EXERCISE: Give back each record precisely, pictures excluded.

___ INPUT RECORDS ___

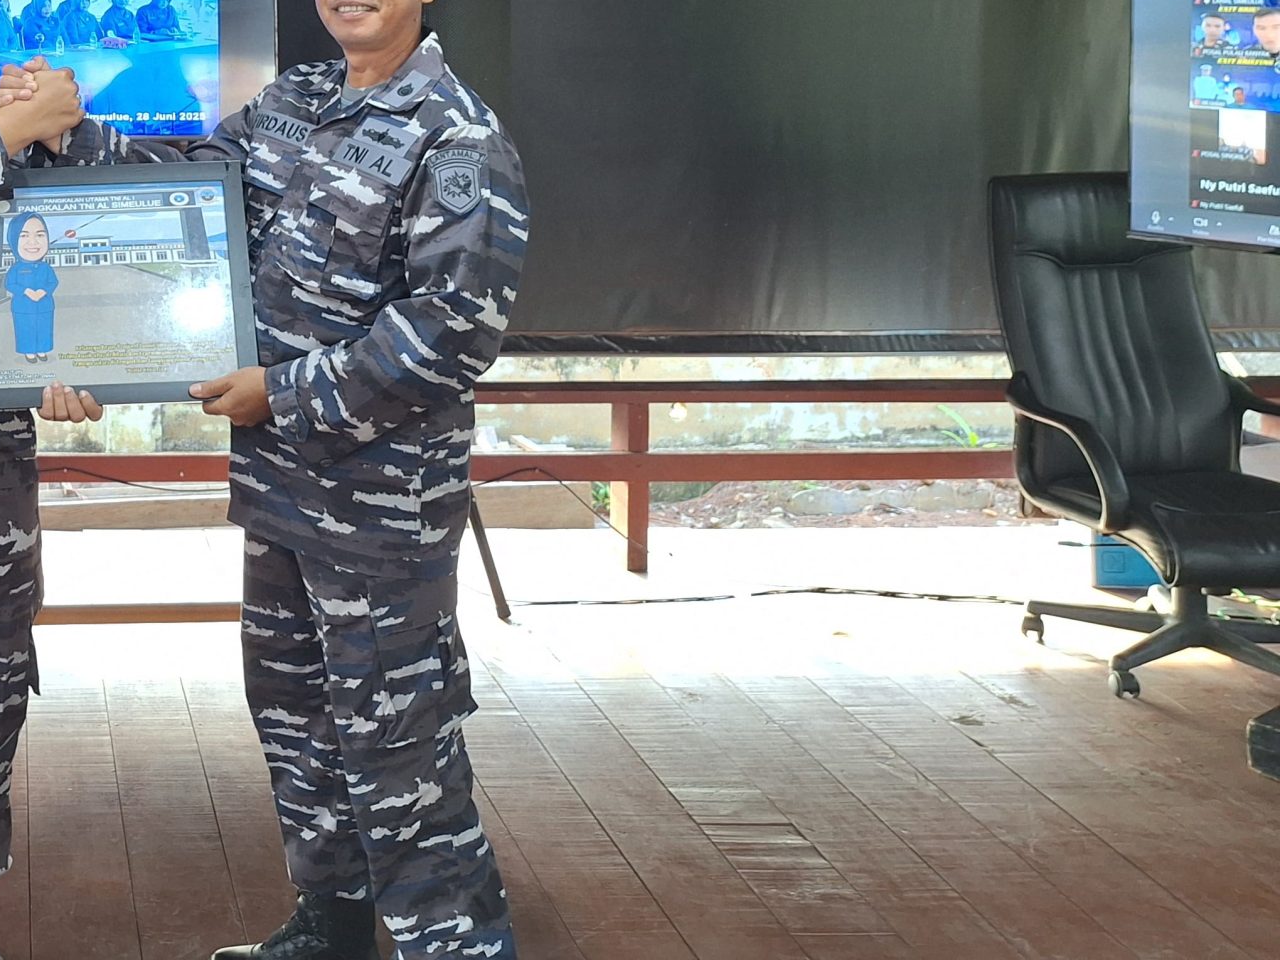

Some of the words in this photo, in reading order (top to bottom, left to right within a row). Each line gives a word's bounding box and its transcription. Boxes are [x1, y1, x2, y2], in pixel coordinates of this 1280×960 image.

[83, 111, 133, 122] imeulue,
[136, 112, 150, 121] 28
[153, 112, 176, 121] Juni
[179, 112, 206, 121] 2025
[254, 113, 309, 143] IRDAUS
[342, 143, 370, 165] TNI
[368, 155, 394, 178] AL
[1200, 179, 1217, 192] Ny
[1218, 180, 1246, 193] Putri
[18, 203, 77, 213] PANGKALAN
[79, 202, 96, 211] TNI
[97, 201, 110, 210] AL
[111, 199, 162, 210] SIMEULUE
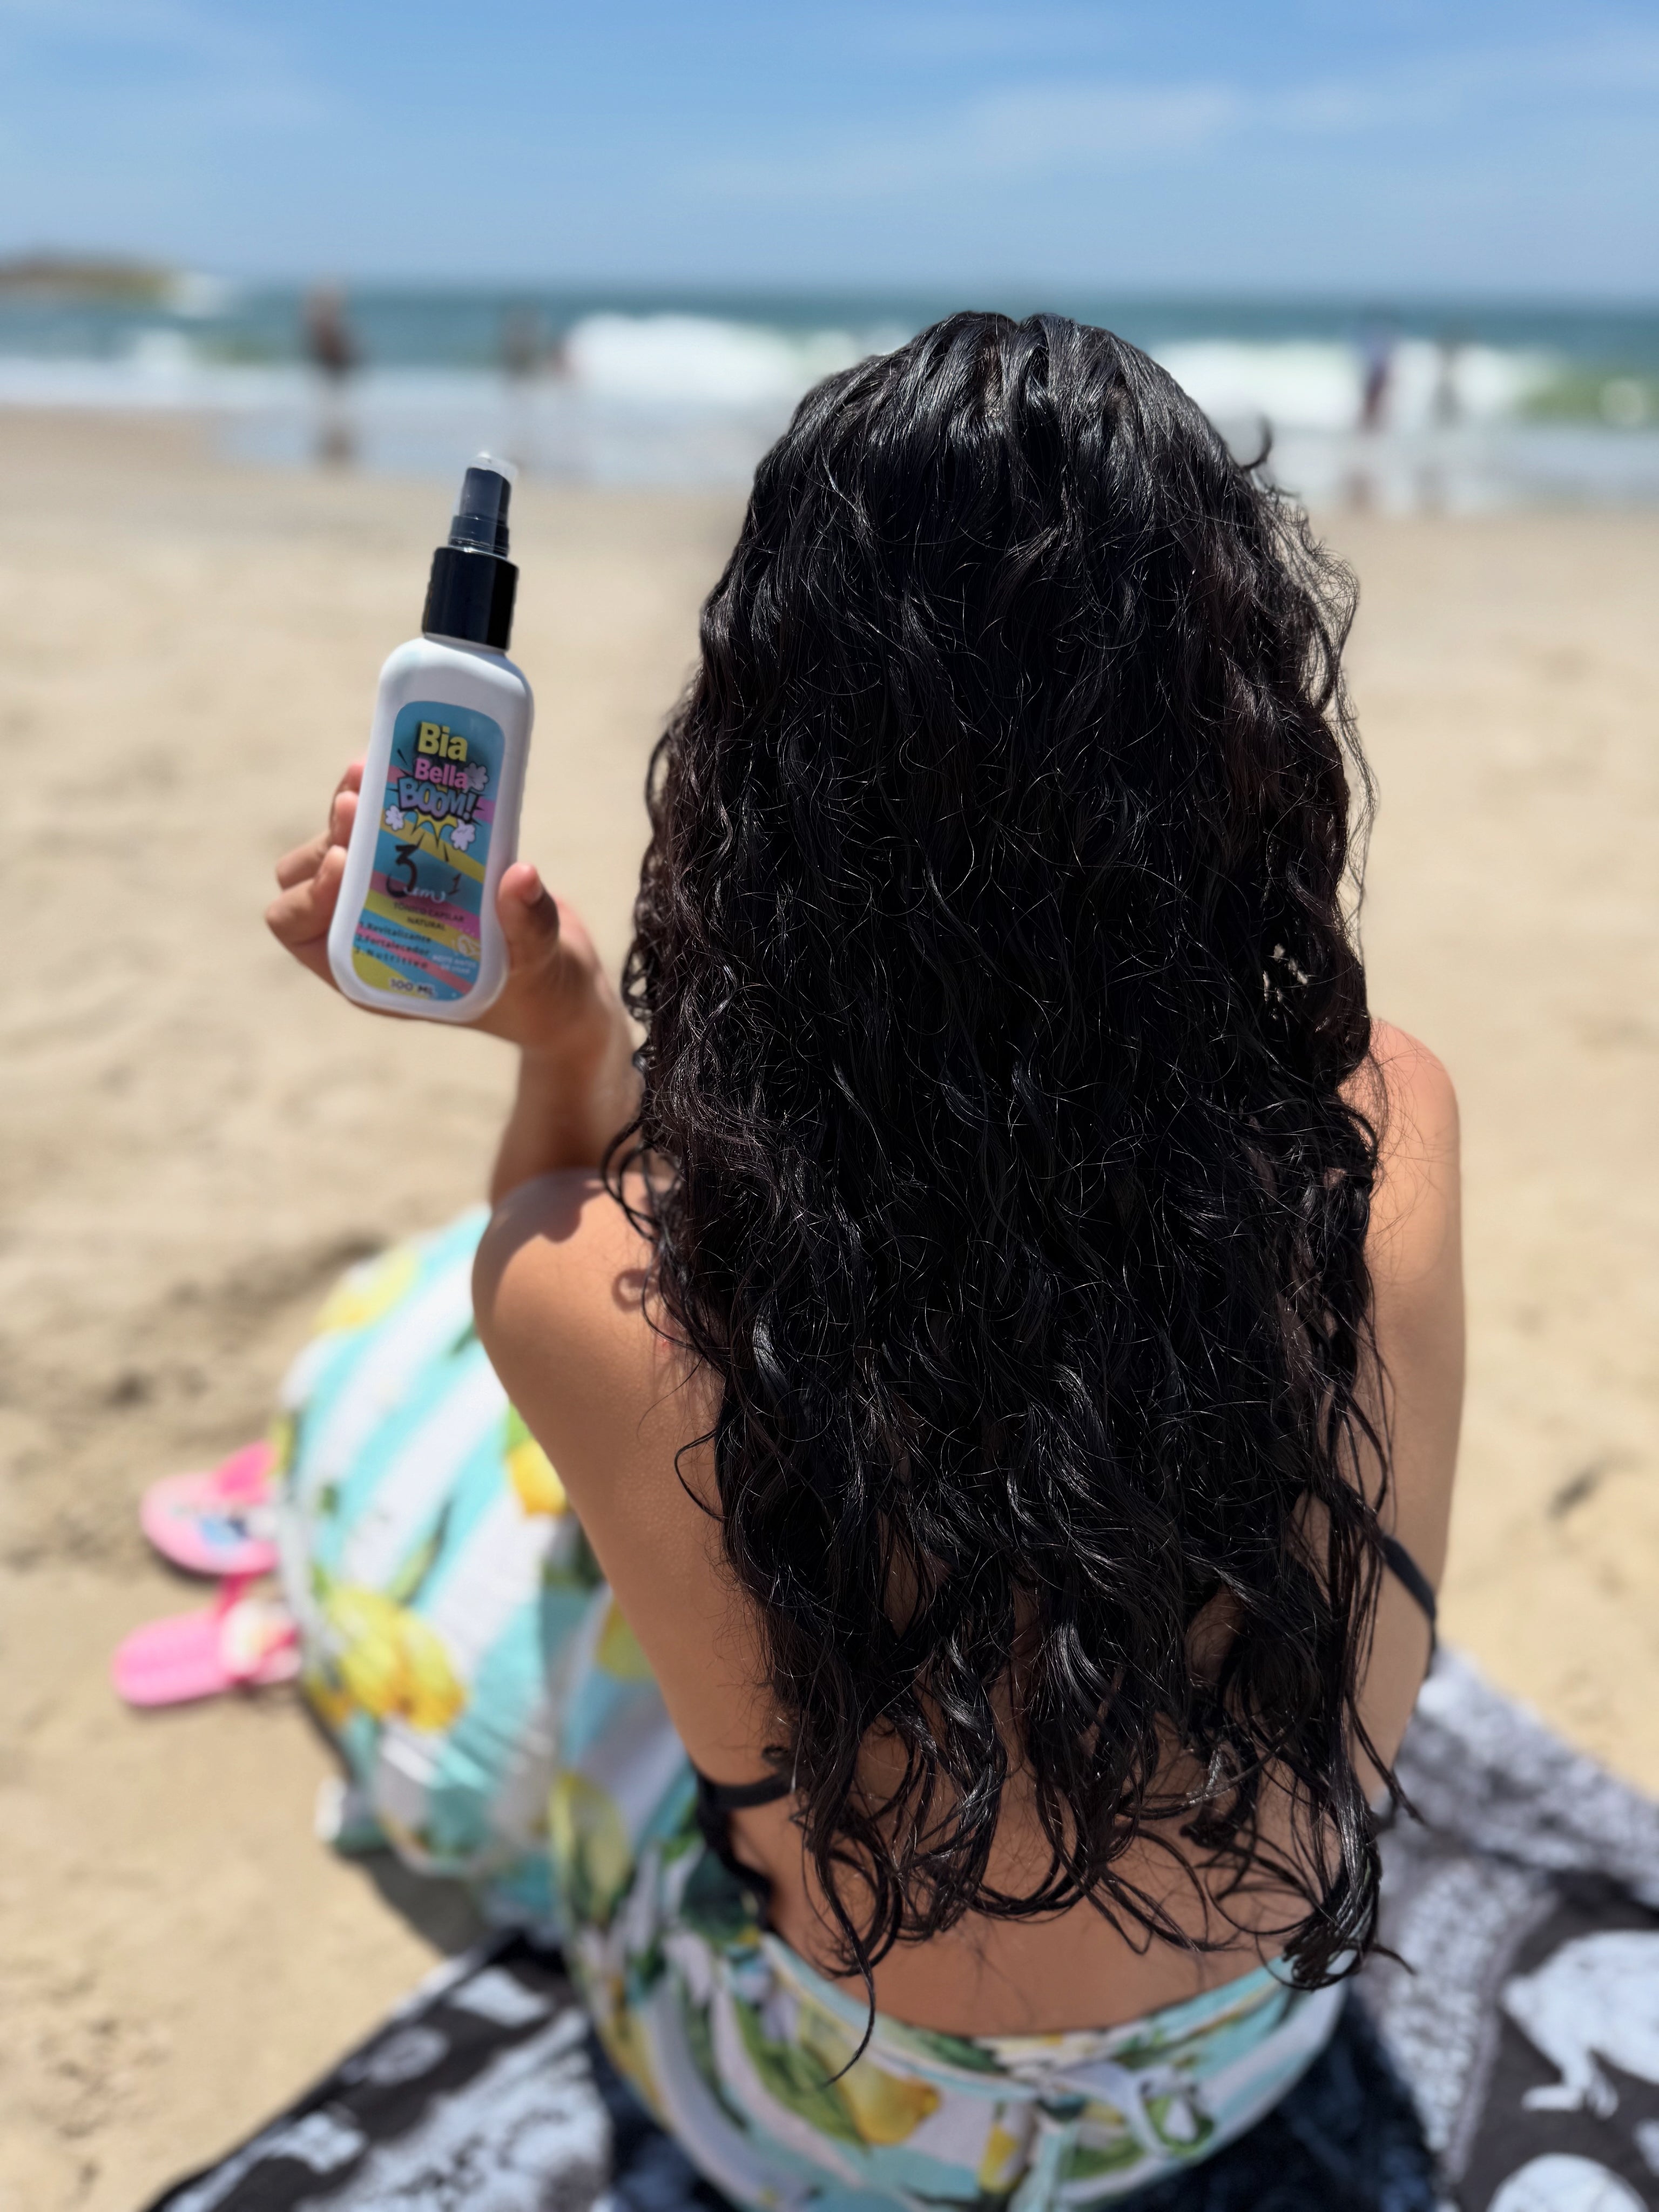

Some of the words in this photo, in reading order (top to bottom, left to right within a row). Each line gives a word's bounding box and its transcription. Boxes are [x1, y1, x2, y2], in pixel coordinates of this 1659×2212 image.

[417, 721, 468, 762] Bia
[414, 758, 468, 789] Bella
[397, 777, 478, 824] BOOM!
[386, 844, 419, 898] 3
[407, 916, 446, 931] NATURAL
[390, 977, 414, 991] 100

___

FINISHED EXERCISE:
Some of the words in this photo, in reading order (top to bottom, left to right within a row). Each line gives a word's bounding box and its transcription. Boxes are [x1, y1, x2, y2], in pixel coordinates of this 1280×960 image.

[83, 111, 133, 122] imeulue,
[136, 112, 150, 121] 28
[153, 112, 176, 121] Juni
[179, 112, 206, 121] 2025
[254, 113, 309, 143] IRDAUS
[342, 143, 370, 165] TNI
[368, 155, 394, 178] AL
[1200, 179, 1217, 192] Ny
[1218, 180, 1246, 193] Putri
[18, 203, 77, 213] PANGKALAN
[79, 202, 96, 211] TNI
[97, 201, 110, 210] AL
[111, 199, 162, 210] SIMEULUE

Some of the words in this photo, in reading order (top to bottom, left to right within a row). Each line gives a word's bounding box and its transcription. Boxes are [x1, y1, x2, y2], in pixel coordinates of this 1659×2212 image.

[417, 721, 468, 762] Bia
[414, 758, 468, 789] Bella
[397, 777, 478, 824] BOOM!
[386, 844, 419, 898] 3
[407, 916, 446, 931] NATURAL
[390, 977, 414, 991] 100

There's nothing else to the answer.